In 83 percent of the 21 cases, according to Mithoefer, the subjects were found to be symptom-free for up to four years later.

“It’s tricky talking about a cure, but it is a sustained remission,” said Mithoefer.

Three subjects did suffer a relapse. In those cases, they were brought in for a “booster session” of MDMA and counseling, and they returned to a symptom-free state, said Mithoefer.

Mithoefer is now working with a second group of 24 patients who are veterans, firefighters and police officers with PTSD. Similar studies are under way in Israel, Canada, Switzerland and Colorado.

Alex Vitek is a walking tale about why treatment of PTSD is so crucial. When he returned to Houston from a tour of duty as an Air Force medic in Afghanistan in 2007, he brought with him a severe case of PTSD.

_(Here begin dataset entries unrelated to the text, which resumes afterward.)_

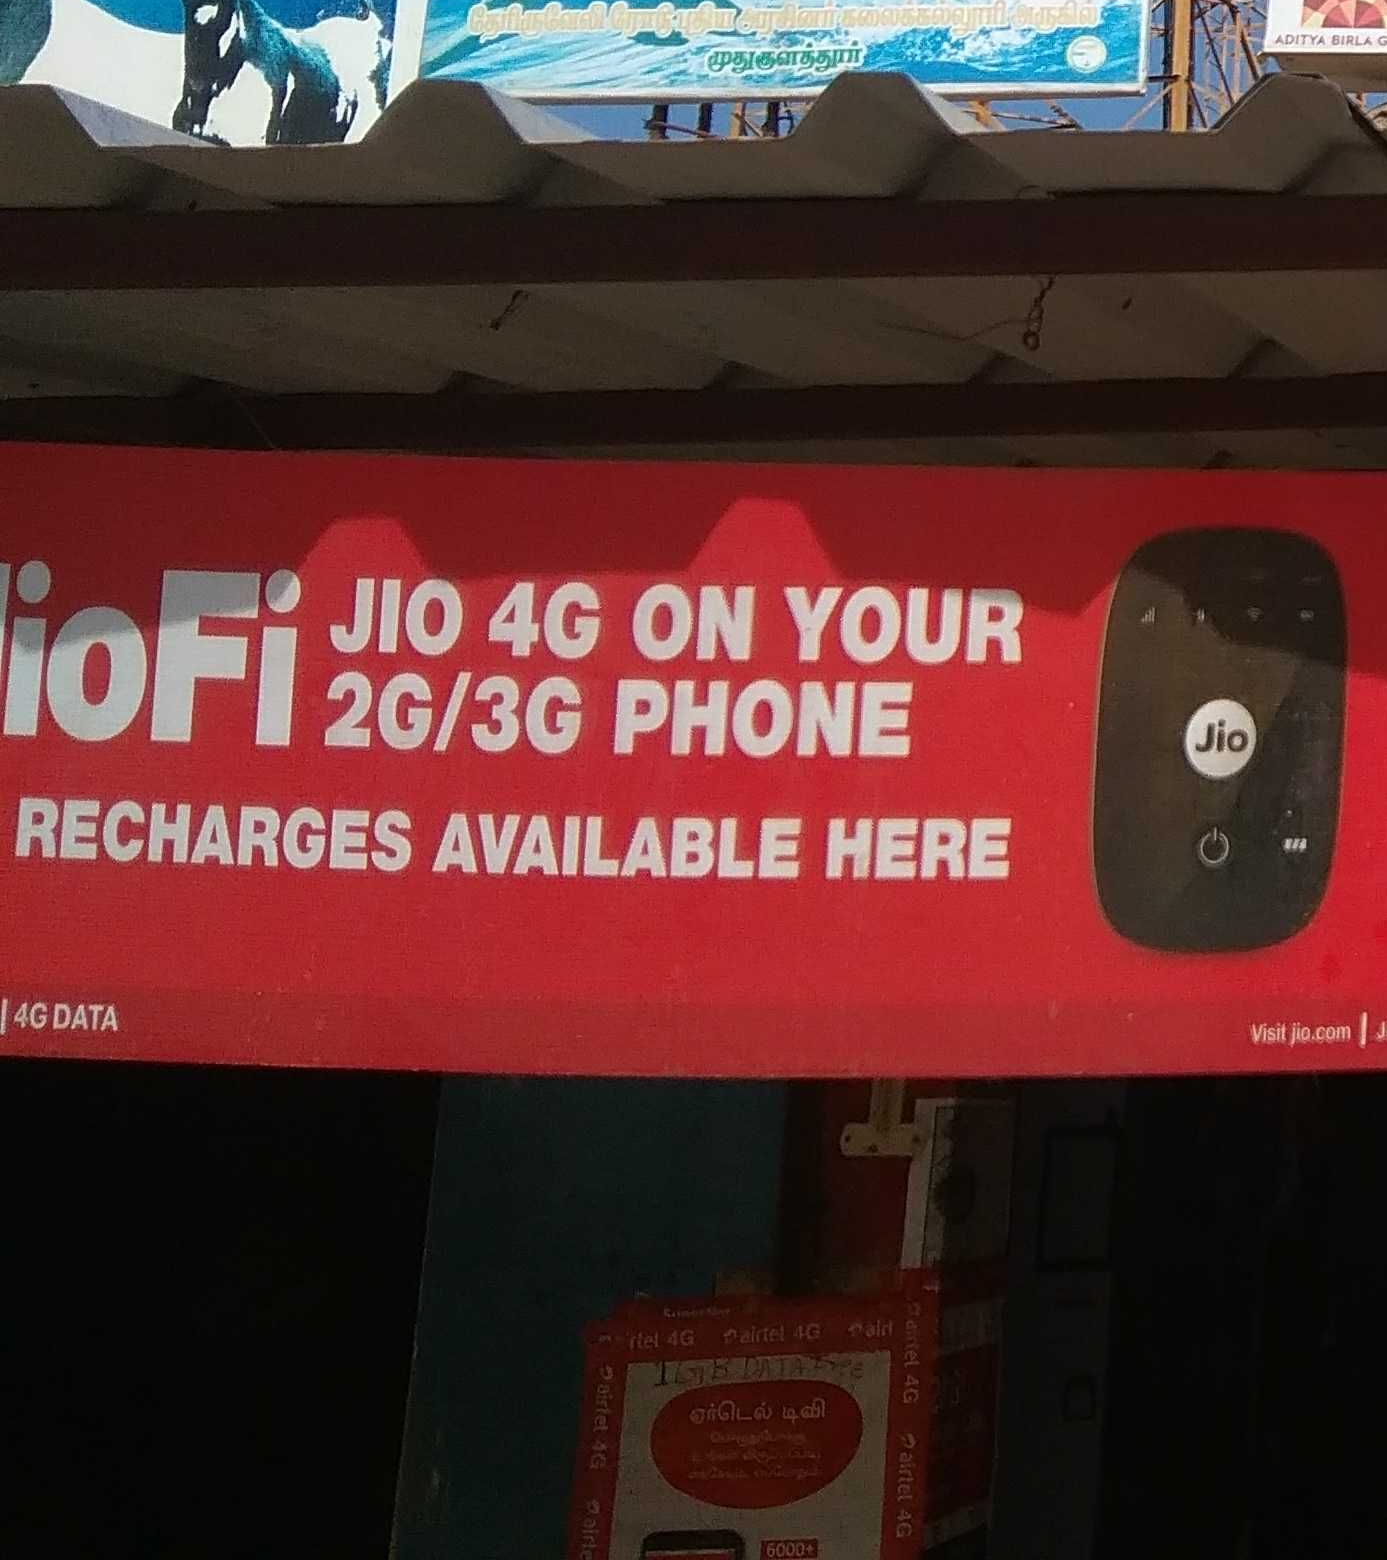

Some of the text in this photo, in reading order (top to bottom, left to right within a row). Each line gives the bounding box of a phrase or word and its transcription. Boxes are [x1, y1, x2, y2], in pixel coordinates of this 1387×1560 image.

[1275, 33, 1327, 46] ADITYA
[1331, 34, 1374, 47] BIRLA
[329, 577, 1025, 664] JIO 4G ON YOUR
[324, 670, 915, 758] 2G/3G PHONE
[1193, 720, 1249, 755] Jio
[14, 796, 1013, 881] RECHARGES AVAILABLE HERE
[13, 1002, 121, 1034] 4G DATA
[1250, 1022, 1352, 1048] Visit jio.com
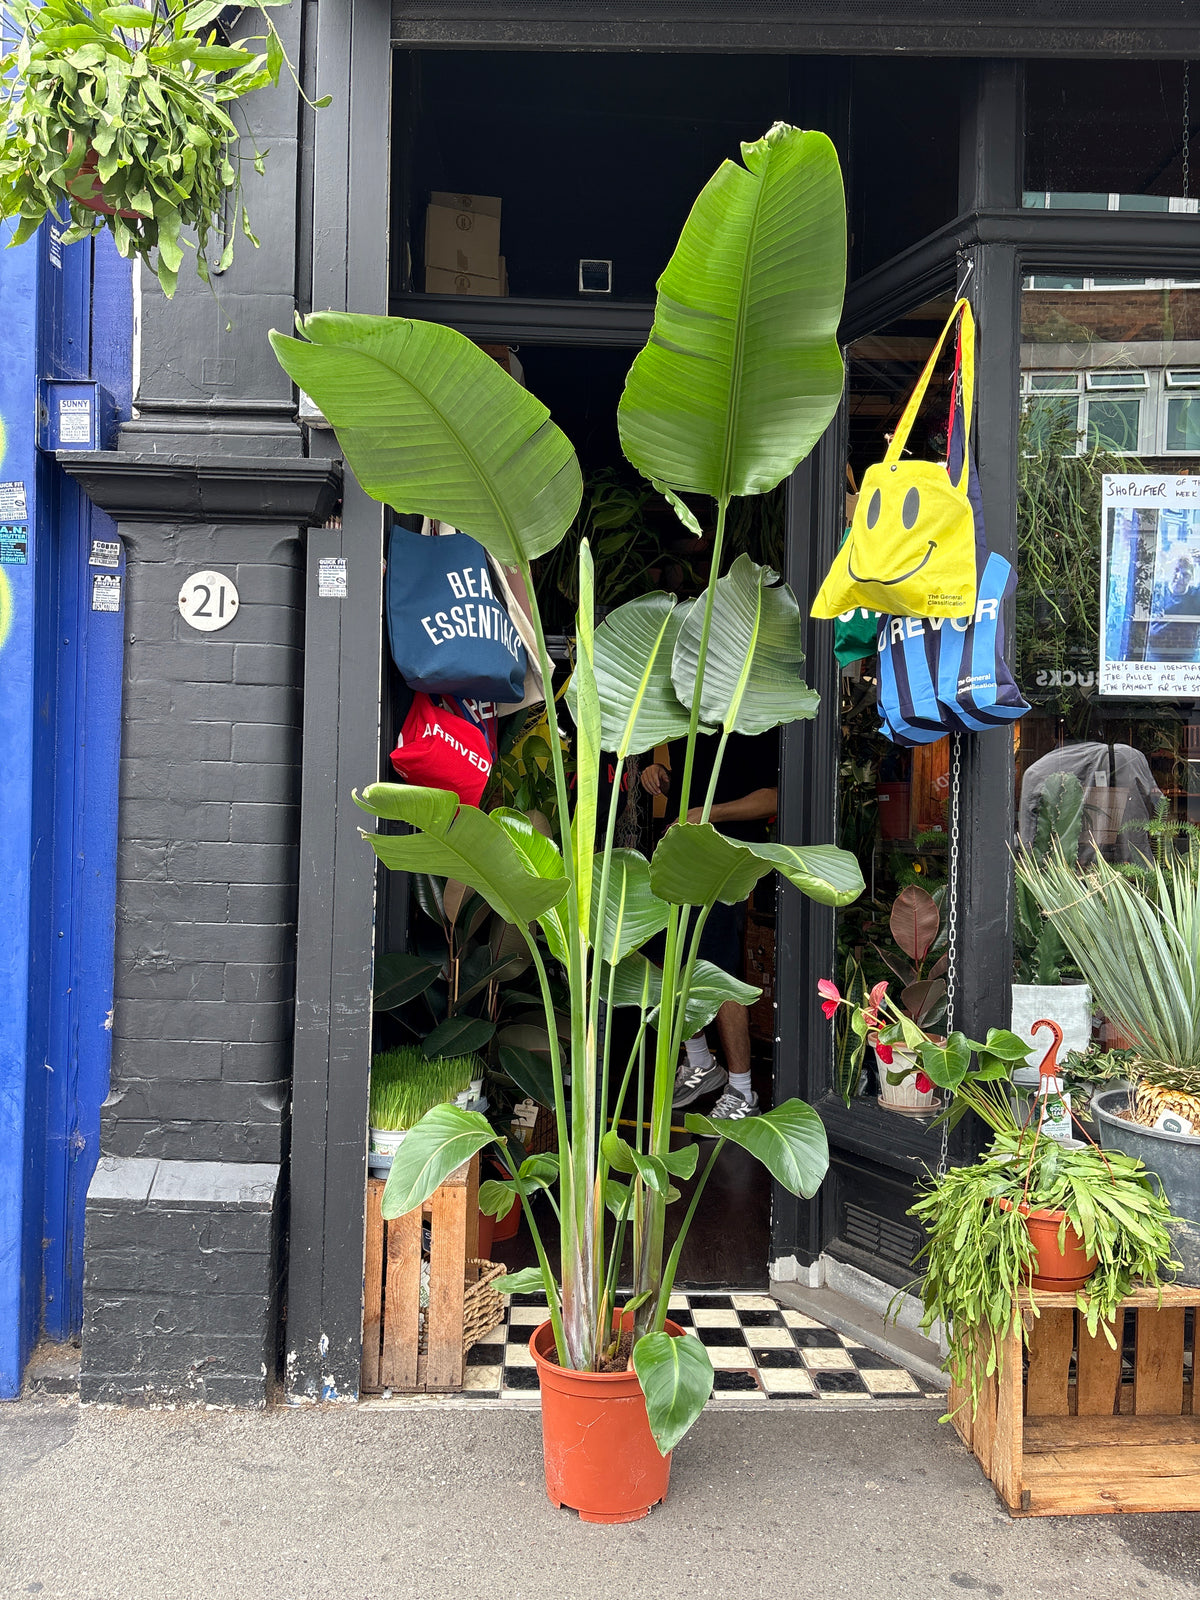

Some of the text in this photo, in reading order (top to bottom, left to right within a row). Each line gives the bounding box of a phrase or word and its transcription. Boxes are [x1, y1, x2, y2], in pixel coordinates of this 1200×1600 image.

[62, 400, 88, 408] SUNNY
[1176, 478, 1187, 487] OF
[1106, 482, 1167, 498] SHOPLIFTER
[1175, 490, 1198, 498] WEEK
[96, 542, 119, 550] COBRA
[94, 574, 121, 582] TAJ
[446, 567, 499, 603] BEA
[192, 584, 225, 617] 21
[421, 603, 522, 663] ESSENTIALS
[1105, 663, 1129, 671] SHE'S
[965, 673, 991, 683] General
[1104, 673, 1121, 681] THE
[1126, 673, 1153, 681] POLICE
[1161, 673, 1176, 681] ARE
[1104, 683, 1118, 691] THE
[1121, 683, 1153, 692] PAYMENT
[1172, 684, 1187, 692] THE
[421, 722, 493, 778] ARRIVED

“To be honest, it turned my life upside down,” Vitek says now. He lost his wife and child and his career in the military. He fell into a deep hole of drugs and alcohol. Vitek said he tried suicide multiple times.

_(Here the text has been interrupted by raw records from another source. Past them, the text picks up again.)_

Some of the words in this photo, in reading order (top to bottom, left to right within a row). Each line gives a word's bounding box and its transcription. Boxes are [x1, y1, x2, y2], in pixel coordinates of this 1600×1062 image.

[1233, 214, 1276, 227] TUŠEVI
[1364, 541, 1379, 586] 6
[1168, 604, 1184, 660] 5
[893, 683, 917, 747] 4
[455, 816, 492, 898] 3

“Left untreated, I would have landed six feet deep or in jail,” Vitek said.

Fortunately, he found Camp Hope, a local Christian-based residential program that uses more conventional treatment methods, such as 12-step programs, counseling and peer-mentoring. Vitek was able to stick with the program and later signed on as an intern at Camp Hope. Now he is on staff as a housing manager. He’s a success story.

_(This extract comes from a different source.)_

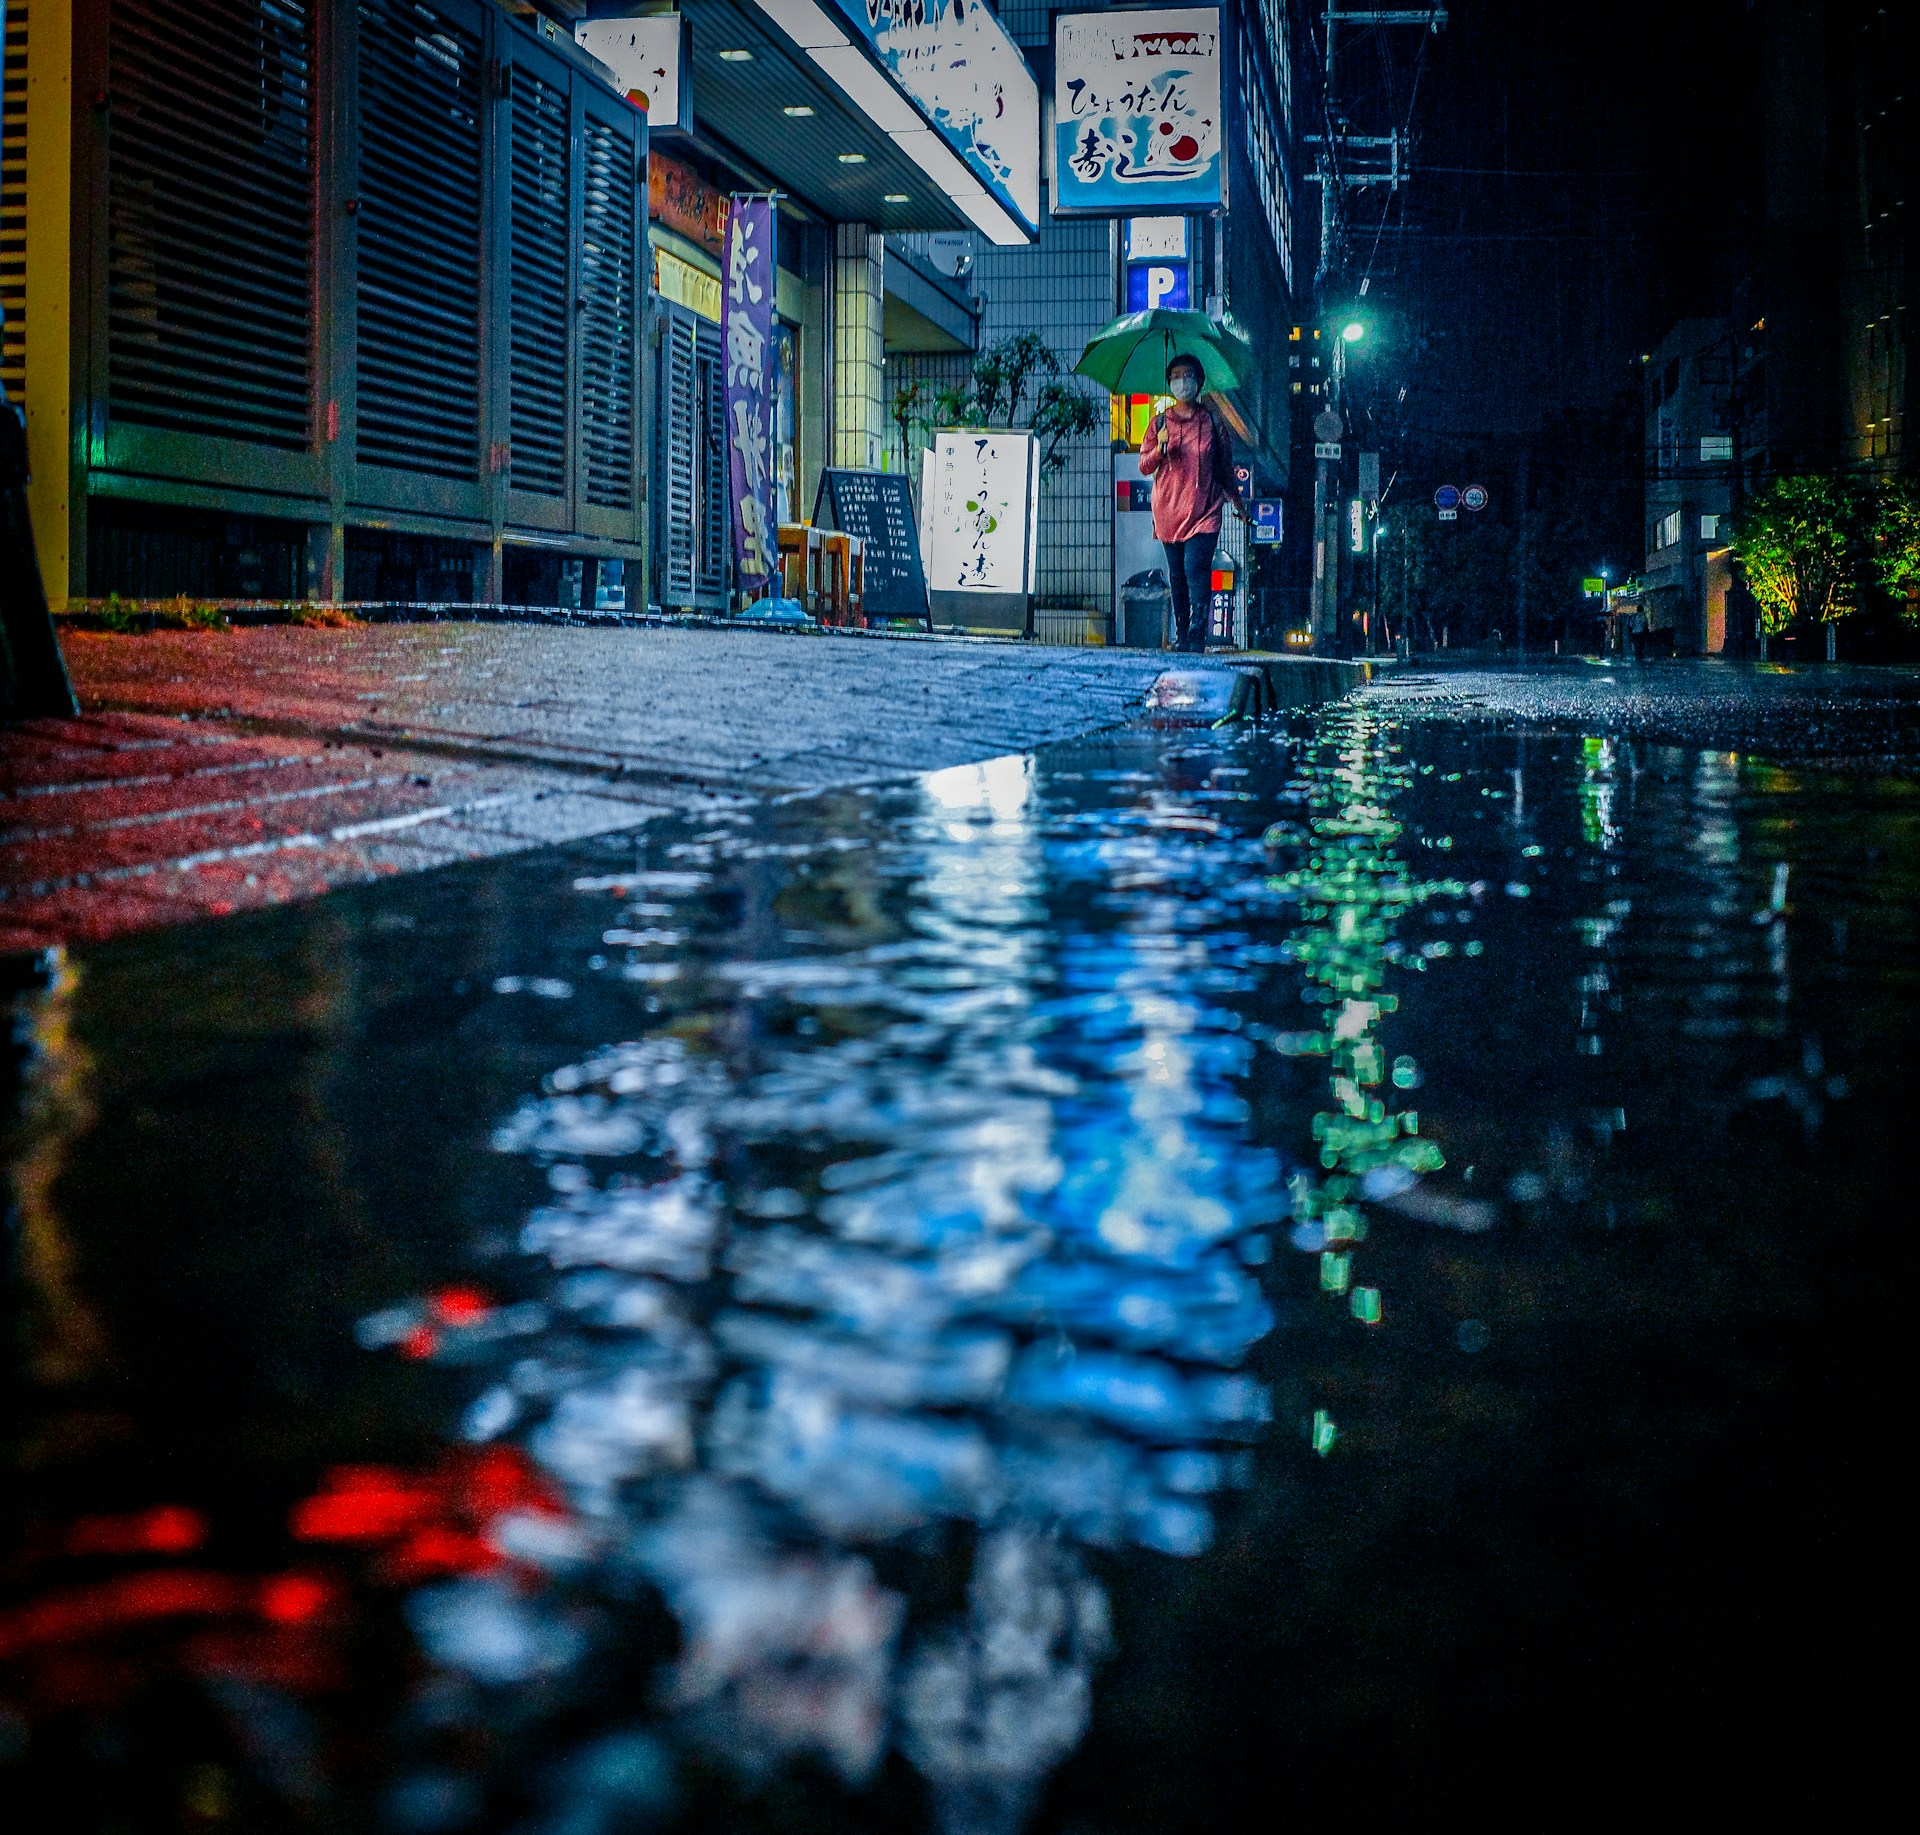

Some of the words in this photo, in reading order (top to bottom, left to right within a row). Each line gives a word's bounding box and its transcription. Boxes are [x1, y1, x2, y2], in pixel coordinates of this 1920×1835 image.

[1066, 78, 1190, 115] ひょうたん
[1147, 266, 1176, 309] P
[1258, 503, 1275, 521] P

Mithoefer does not discount other methods of treating post-traumatic stress.

“They are helpful to some and not helpful to others,” he said, which makes having a variety of methods important.

Feel-good transmitter

One of the hallmarks of MDMA is its ability to evoke openness and closeness in those who take it. Although Mithoefer cautions that no one truly knows how psychoactive drugs work, some facts are known about MDMA.

Scientists know it causes the release of serotonin and other feel-good neurotransmitters and hormones. Brain imaging shows that it decreases the activity of the amygdalla, where fear arises, and increases activity in the prefrontal cortex, the site of higher functions.

With MDMA, the subjects are “not overwhelmed with fear,” said Mithoefer. “There is more higher-level processing. Those with PTSD have the opposite. It’s logical that a drug that causes the reverse of that effect would be helpful.”

He cautions that his studies are done in a rigorous clinical setting and in collaboration with the Food and Drug Administration.

“It doesn’t mean it doesn’t have any risk,” he said.

The history of MDMA is literally a long, strange trip. Merck, the pharmaceutical company, filed for a patent in 1912 as a drug to control bleeding.

In 1965, a research scientist name Alexander Shulgin synthesized MDMA and in 1967 tried it himself. By 1977, psychologists had begun to use it — at this point, it’s still legal — in their practices for couples counseling, anxiety, post-traumatic stress and pain, said Brad Burge, spokesman for Santa Cruz, Calif.-based MAPS. No research on the drug was done, however.

At the same time, MDMA had a burgeoning career as a party drug. It had traveled down to Texas from the New York club scene, and an entrepreneur in Texas was shipping up to a half-million pills a month to Dallas.

It was sold openly at clubs such as Dallas’s famous Starck Club, where everyone from young oil and gas executives to the singer Grace Jones would pass long, lurid nights of dancing and transgression. (A documentary on the Starck Club made its debut in April.)

In 1985, however, the Reagan-era U.S. Drug Enforcement Adminstration placed MDMA, by then known as ecstasy, on its list of Schedule 1 drugs, the level with the highest penalties. Heroin, for example, is a Schedule 1 drug.

New path of study

Now, research in cooperation with the FDA is just starting to open up.

“We’re just starting to explore research comparing it to cognitive behavioral therapy, prolonged exposure or eye-movement tracking,” said Burge, citing the most common methods of treating PTSD. Both Burge and Mithoefer caution that this is not a therapy to try at home. Ingesting street Molly in an uncontrolled environment in hopes of achieving Mithoefer’s results is a fool’s errand. Some street drugs that purport to be ecstasy or Molly don’t contain any MDMA, Burge said.

If the results are borne out by further research, Mithoefer believes the FDA will eventually approve MDMA for clinical use.